A Feynman diagram is a shorthand for a calculation. There are two different ideas that are getting entangled: is the calculation done correctly, and are the calculation's approximations (and since this is a truncated perturbation series, there will always be approximations) valid?

For Mott scattering, when calculating using Feynman diagrams the target (in this case, the proton's) charge appears only as Z2. So at 1st order, electron-proton and positron-proton scattering is the same. There's a very nice QM treatment of this in Schiff (p.141) where he shows the difference between attraction and repulsion is proportional to 1/v - i.e. for one to distinguish attraction from repulsion, the projectile needs to spend a lot of time near the target. This agrees with our classical intuition, and it corresponds to the case in the Feynman perturbation series of many photon exchanges. When texts make the usual Mott approximation that m_e is zero, that of course is far away from the large 1/v situation where attraction and repulsion are distinguishable.

For the proton's form factor, of course it has one, and in certain kinematic regions - large momentum transfer - it is important. In others, it is not: in particular, so long as the projectile wavelength is large compared to the target radius, the target appears more or less pointlike. In this kinematic range, there is nothing wrong with treating the proton as a point. (For a purely electric interaction - there's a subtlety with the gyromagnetic ratio for purely magnetic scattering) This is no worse than treating the proton as a point when applying Coloumb's Law at large distances - indeed, it is the exact same approximation.
 
  • #21


samalkhaiat said:
This is why we draw a blob (instead of a point vertex) representing two independent Lorentz-invariant FORM FACTORS and reflecting our ignorance about the proton structure.
Sam

Just saying, I thought the blob was Green function. I guess this is probably the matter of convention.

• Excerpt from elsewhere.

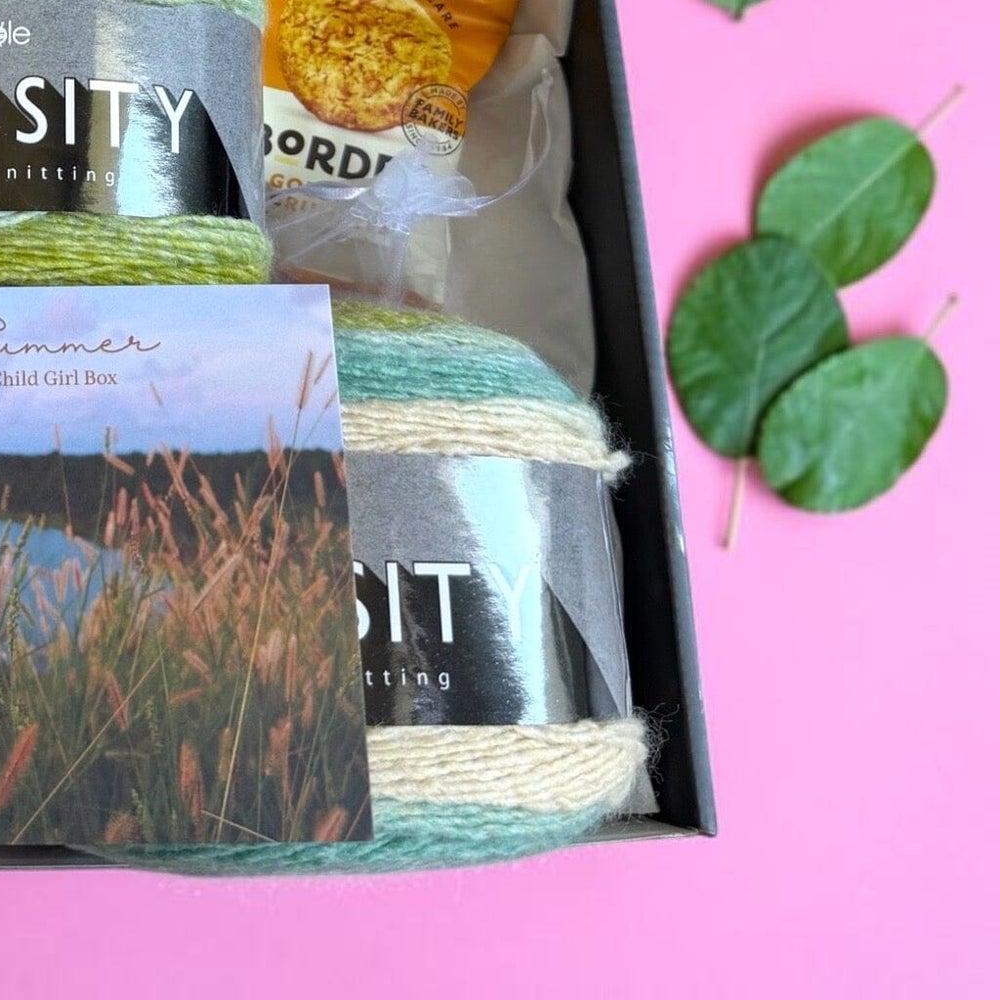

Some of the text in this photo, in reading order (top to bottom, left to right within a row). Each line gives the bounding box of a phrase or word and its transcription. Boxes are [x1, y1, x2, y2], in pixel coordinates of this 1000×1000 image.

Can we simply use a single Green function to represent the whole electron-proton interaction instead?
 

1. How does the Feynman Diagram explain the attraction between an electron and a proton?

The Feynman Diagram is a graphical representation of the interaction between particles. In this case, the diagram shows the exchange of a virtual photon between the electron and proton, which results in an attractive force between the two particles.

2. Why is the virtual photon necessary in the Feynman Diagram for electron-proton attraction?

The virtual photon is necessary because the electromagnetic force, which is responsible for the attraction between the electron and proton, is carried by photons. In the Feynman Diagram, the virtual photon represents the exchange of this force between the particles.

3. Does the Feynman Diagram accurately depict the attraction between an electron and a proton?

Yes, the Feynman Diagram is a mathematical representation of the attraction between an electron and a proton based on the theory of quantum electrodynamics. It has been extensively tested and has been found to accurately describe the behavior of particles at the subatomic level.

4. Can the Feynman Diagram be used to explain other types of particle interactions?

Yes, the Feynman Diagram is a versatile tool that can be used to explain a wide range of particle interactions, including those involving other fundamental particles such as quarks and gluons.

5. Are there any limitations to using the Feynman Diagram to understand electron-proton attraction?

While the Feynman Diagram provides a useful visual representation of the interaction between particles, it is important to note that it is a simplification of the complex mathematical equations that describe these interactions. It is also limited in its ability to fully explain the intricacies of the quantum world, and should be used in conjunction with other theoretical and experimental methods.